Meski sudah sekian lama ilmu kateketik diterapkan di sekolah-sekolah tinggi Katolik, namun perlu diakui bahwa hampir sebagian besar orang belum terlalu mengenalnya secara baik. Umumnya orang sulit membedakan Ilmu Kateketik dan Ilmu Teologi. Kedua disiplin ilmu tersebut kerap dianggap sama. Namun Dr. Agustinus Manfred Habur, secara tegas menampik anggapan tersebut dengan mengatakan bahwa ilmu kateketik punya identitas dan karakteristik sendiri, yang berbeda dengan disiplin ilmu lainnya. Melalui pemaparannya, Romo Manfred meminta para pakar kateketik untuk terus berkontribusi bagi kehidupan masyarakat. Hal ini bertujuan untuk mencegah terjadinya salah persepsi orang terhadap ilmu kateketik, yang cenderung menganggap inferior. Ia bahkan meminta peserta yang hadir untuk terus mengembangkan ilmu kateketik baik secara personal maupun secara komunal di lingkungan kerja masing-masing.
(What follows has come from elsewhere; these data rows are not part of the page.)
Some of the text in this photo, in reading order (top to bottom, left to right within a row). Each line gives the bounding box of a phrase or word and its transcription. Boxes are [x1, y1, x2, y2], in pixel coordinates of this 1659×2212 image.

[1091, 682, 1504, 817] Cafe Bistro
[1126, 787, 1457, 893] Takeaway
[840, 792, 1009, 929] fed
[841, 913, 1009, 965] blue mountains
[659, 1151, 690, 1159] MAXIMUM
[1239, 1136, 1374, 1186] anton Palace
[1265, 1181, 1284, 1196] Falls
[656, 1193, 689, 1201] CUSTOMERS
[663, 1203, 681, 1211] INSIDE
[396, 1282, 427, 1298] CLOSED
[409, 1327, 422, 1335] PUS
Masih mengenai persoalan identitas, Dr. Matheus Purwatma, Pr menggarisbawahi adanya kesetaraan antara Ilmu Kateketik dengan Ilmu Teologi. Kedua disiplin ilmu ini sepintas dilihat sama karena mendukung aktivitas evangelisasi, yakni pewartaan dan penerusan iman Gereja. Menurutnya, teologi lebih menekankan aspek pengetahuan tentang Tuhan namun katekese lebih bersifat implementatif yakni mengajarkan orang untuk tahu mengimplementasikan firman Tuhan dalam kehidupan sehari-hari.
Pemahaman menjadi semakin komprehensif ketika Prof. Dr. Paulus Suparno, SJ, M.S.T menyampaikan gagasannya mengenai hubungan antara ilmu psikologi, pendidikan dan kateketik. Menurut Romo Suparno, berkatekese adalah upaya membantu seseorang untuk lebih menghayati dan mengembangkan imannya terhadap Yesus Kristus. Seorang pelayan Gereja yang baik seharusnya tahu cara menolong umat secara benar. Karena itu menurutnya, mengembangkan ilmu kateketik di zaman modern yang penuh perubahan ini butuh kecerdasan psikologis dan pedagogis yang mumpuni.
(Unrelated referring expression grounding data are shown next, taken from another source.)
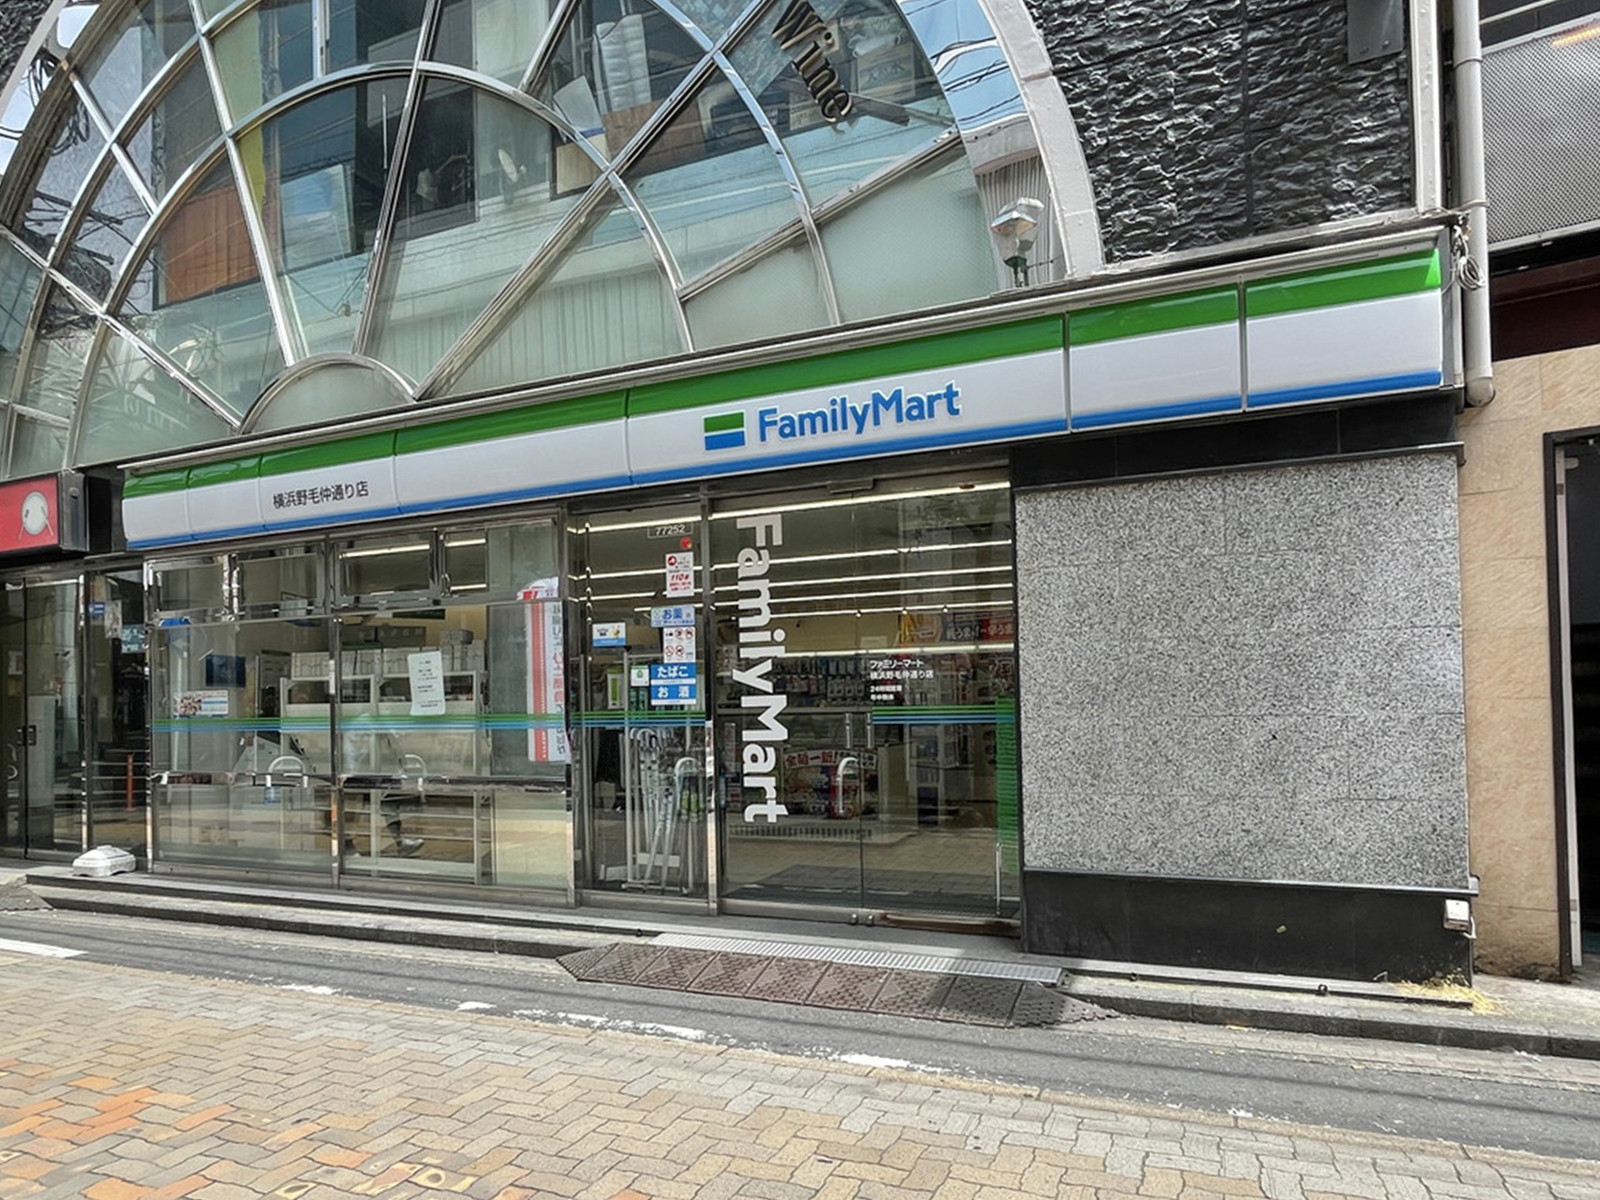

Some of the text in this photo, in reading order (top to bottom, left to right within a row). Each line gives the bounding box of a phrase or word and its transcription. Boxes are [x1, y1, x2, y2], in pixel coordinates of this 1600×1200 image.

[758, 382, 961, 442] FamilyMart
[273, 481, 369, 509] 横浜野毛仲通り店
[657, 665, 689, 679] たばこ
[732, 513, 789, 823] FamilyMart
[870, 659, 924, 669] ファミリーマート
Diskusi semakin seru ketika Albertus Bagus Laksana, SJ, S.S, Ph.D mengajak para peserta untuk membahas tema “Ilmu Kateketik di Simpang Jalan: Interaksi Antara kajian Agama dan Teologi”. Romo Bagus menggelitik semua peserta lokakarya dengan bertanya: apa yang menarik dari ilmu kateketik sehingga membuatnya bisa terus bertahan? Setiap peserta memberi respons yang berbeda-beda. Ada peserta yang memberi tanggapan optimistis dengan membeberkan rupa-rupa alasan rasional. Namun ada pula peserta yang tampaknya pesimistis dengan eksistensi ilmu kateketik dewasa ini. Kelompok ini menilai bahwa derasnya arus globalisasi sungguh mengancam keberlangsungan kateketik sebagai sebuah ilmu konservatif, yang cepat atau lambat akan berkurang peminatnya. Terhadap perdebatan tersebut, Romo Bagus berpesan kepada para peserta yang hadir untuk sama-sama mengembangkan disiplin ilmu katektik secara inovasi dan kreatif, sehingga bisa menarik minat orang dan menjadi lebih relevan.
Sebagai akhir dari seluruh rangkaian kegiatan lokakarya, para peserta diminta untuk membuat refleksi akhir terhadap semua kegiatan lokakarya. Ketua Prodi PAK tentu sangat bersyukur atas terselenggaranya kegiatan lokakarya nasional tersebut. “Saya sangat bersyukur dan bahagia karena lokakarya ini terlah berjalan baik. Meski ini merupakan kegiataan yang baru pertama kali dilakukan, namun hasilnya sangat memuaskan. Karena itu saya patut berterima kasih kepada semua pihak yang terlibat, yakni para peserta yang sudah terlibat aktif dalam keseluruhan lokakarya; dan kepada para panitia yang telah mempersiapkan acara ini dengan sangat baik; termasuk pihak kampus yang sudah mendukung terselenggaranya acara ini. Semoga ilmu kateketik menjadi semakin lebih konkret untuk dipahami dan diimplemtasikan.” ujar Kaprodi PAK dengan sangat menyakinkan. (EDS)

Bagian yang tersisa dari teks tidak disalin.